Since that first study, more than 425 peer-reviewed papers have reported on the physical, cognitive, and mental health or quality of life of ICU survivors (2). The field has matured and developed terminology, such as post intensive care syndrome (3, 4), and research tools, such as core outcome measurement sets (5). Prospective studies have illuminated the persistent, and sometimes permanent, physical, cognitive, and mental health impairments experienced by ICU survivors (612). And funders like the National Heart, Lung, and Blood Institute and professional societies have declared improving long-term quality of life (QoL) for acute illness survivors to be a research priority (3, 1316).

But so far, our collective work and enthusiasm have not improved QoL for ICU survivors. A 2018 Cochrane Systematic Review of follow-up services aimed at improving long-term outcomes of ICU survivors found no evidence that they improve health-related quality of life (HRQoL) (17). This year, a systematic review of nonpharmacologic interventions to prevent or mitigate adverse long-term outcomes among ICU survivors found that QoL was assessed more often than any other outcome (18). But in meta-analysis, exercise and physical rehabilitation programs, follow-up services, and psychosocial programs were not associated with improved QoL among survivors (18). Although absence of evidence does not mean such follow-up services conclusively do not work, the early results have not been promising. And yet, a growing number of academic hospitals are exploring opening specialty ICU survivor outpatient clinics offering exactly these sorts of interventions (1922).

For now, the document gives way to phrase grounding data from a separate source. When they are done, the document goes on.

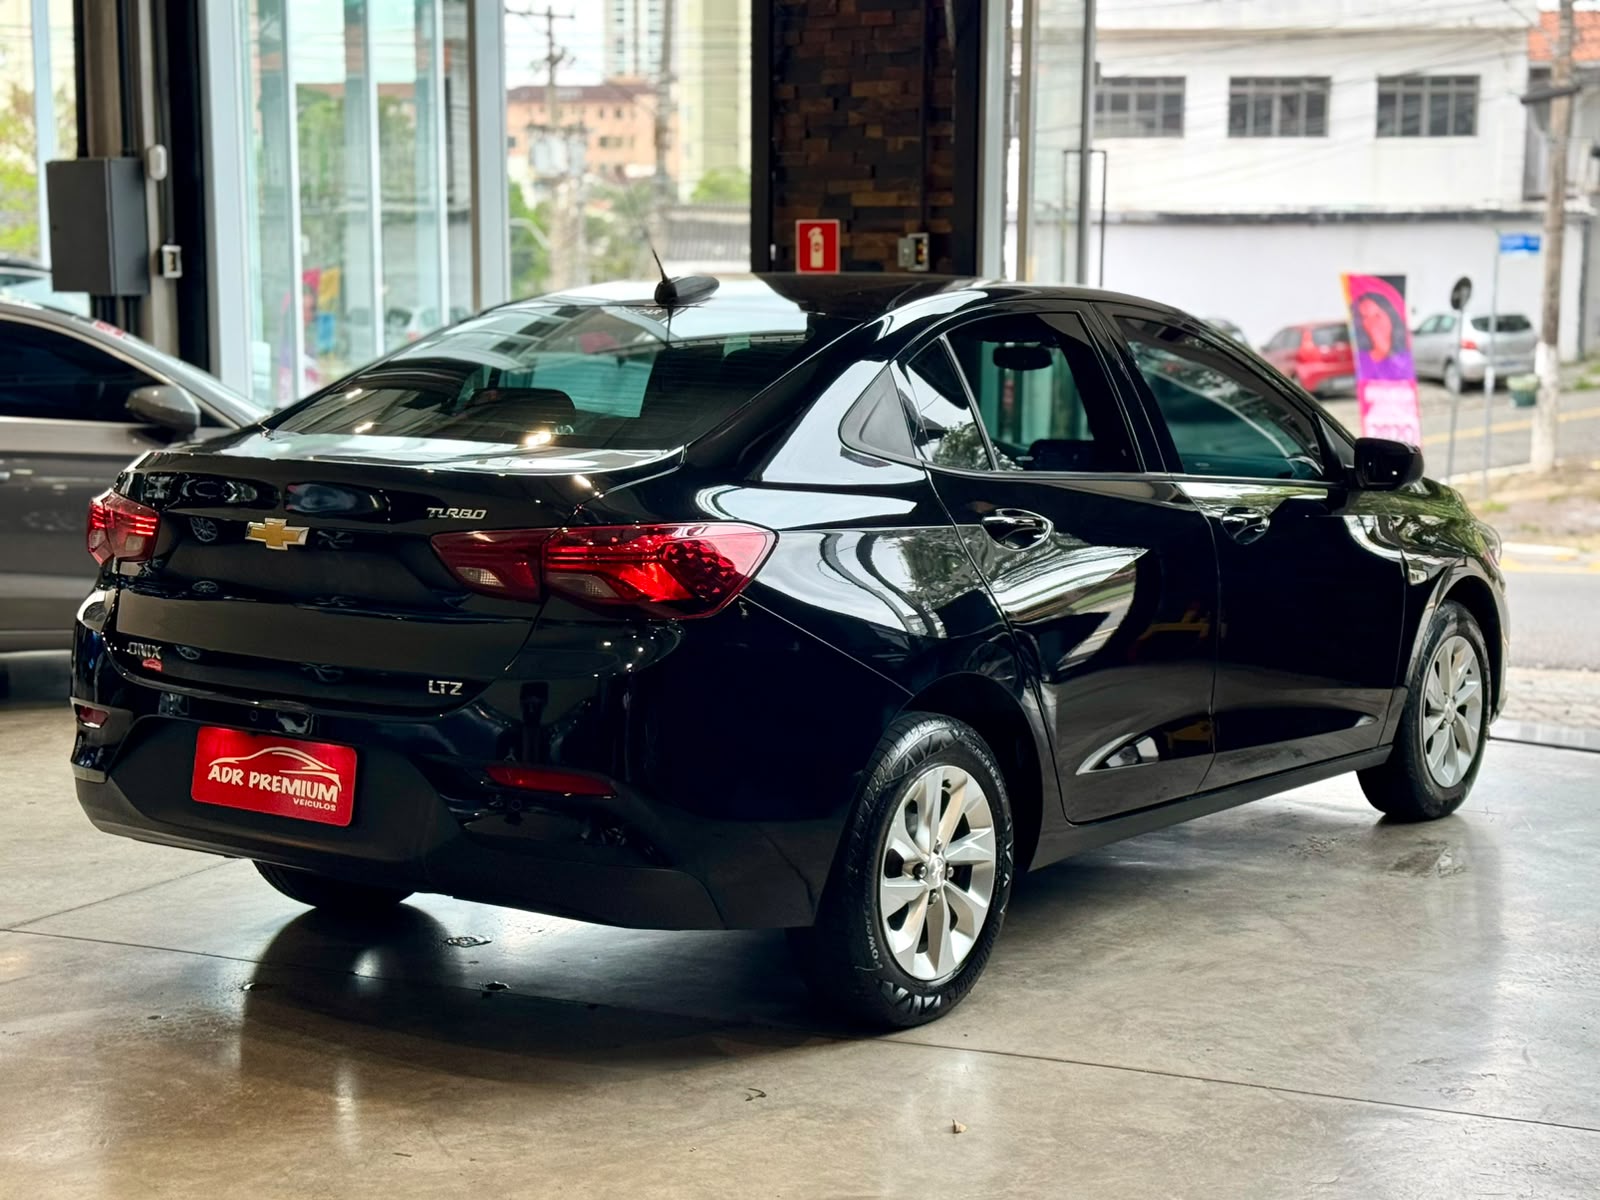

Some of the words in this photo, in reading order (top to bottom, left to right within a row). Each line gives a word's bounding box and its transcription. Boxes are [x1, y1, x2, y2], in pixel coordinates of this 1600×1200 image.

[426, 507, 487, 520] TURBO
[128, 641, 162, 660] ONIX
[428, 679, 463, 696] LTZ
[207, 764, 244, 786] ADR
[248, 771, 338, 803] PREMIUM
[293, 797, 337, 812] VEICULOS

It is time to pause, review definitions, and reexamine our assumptions. In this essay, we first review how QoL is defined and measured and argue that assumptions about the relationship between functional recovery and QoL need to be empirically tested. Next, we review how QoL normally evolves after a change in health state and discuss how research into psychological adaptation during survivorship could help make future randomized trials more efficient. Finally, we propose that ICU providers are in a unique and powerful position to improve QoL by shaping patient and family expectations about survivorship.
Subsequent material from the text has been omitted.